(Data items)
----------

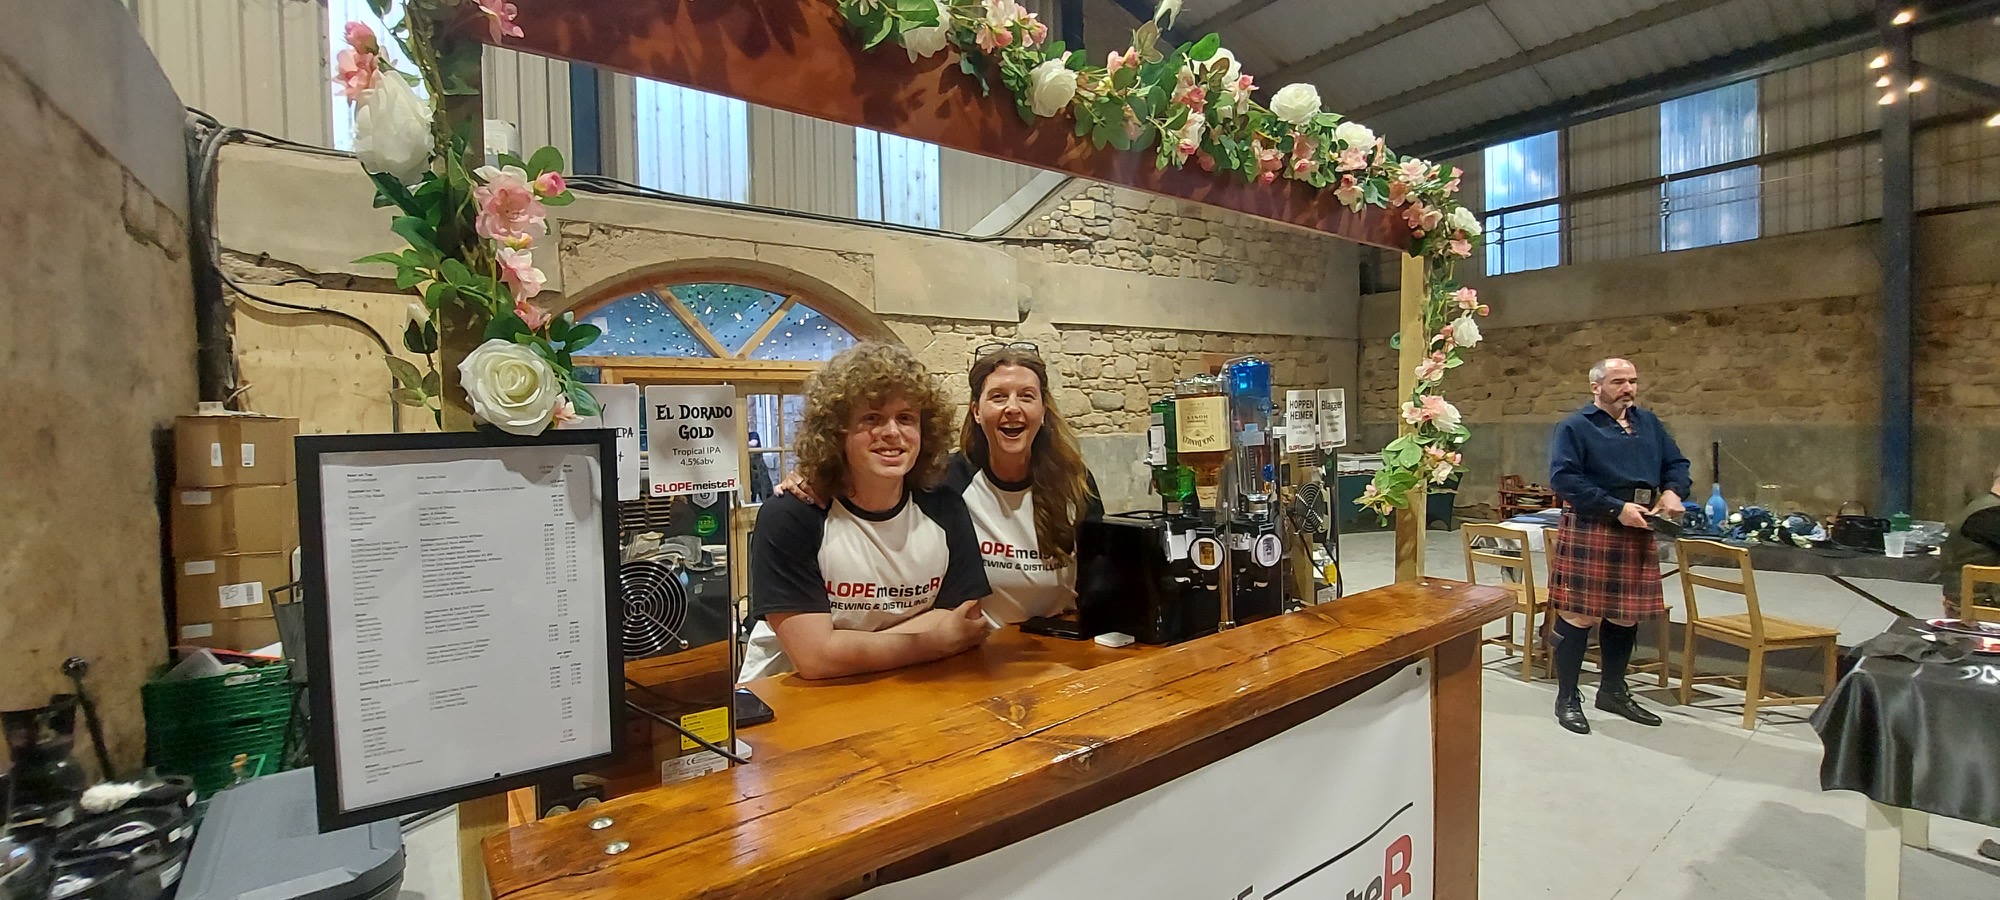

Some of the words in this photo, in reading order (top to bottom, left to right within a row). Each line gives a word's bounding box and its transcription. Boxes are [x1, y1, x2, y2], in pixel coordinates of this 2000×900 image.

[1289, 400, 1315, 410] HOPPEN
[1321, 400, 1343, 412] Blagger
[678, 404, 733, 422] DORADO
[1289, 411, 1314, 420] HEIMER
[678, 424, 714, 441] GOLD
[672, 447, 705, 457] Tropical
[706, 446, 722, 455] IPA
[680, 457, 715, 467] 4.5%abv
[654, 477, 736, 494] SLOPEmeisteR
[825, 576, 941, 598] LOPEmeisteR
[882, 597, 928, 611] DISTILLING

----------

** Problem to solve **
The expected response is every entry above, repeated exactly, pictures removed.

** Response box **
Some of the words in this photo, in reading order (top to bottom, left to right within a row). Each line gives a word's bounding box and its transcription. Boxes are [x1, y1, x2, y2], in pixel coordinates of this 2000×900 image.

[1289, 400, 1315, 410] HOPPEN
[1321, 400, 1343, 412] Blagger
[678, 404, 733, 422] DORADO
[1289, 411, 1314, 420] HEIMER
[678, 424, 714, 441] GOLD
[672, 447, 705, 457] Tropical
[706, 446, 722, 455] IPA
[680, 457, 715, 467] 4.5%abv
[654, 477, 736, 494] SLOPEmeisteR
[825, 576, 941, 598] LOPEmeisteR
[882, 597, 928, 611] DISTILLING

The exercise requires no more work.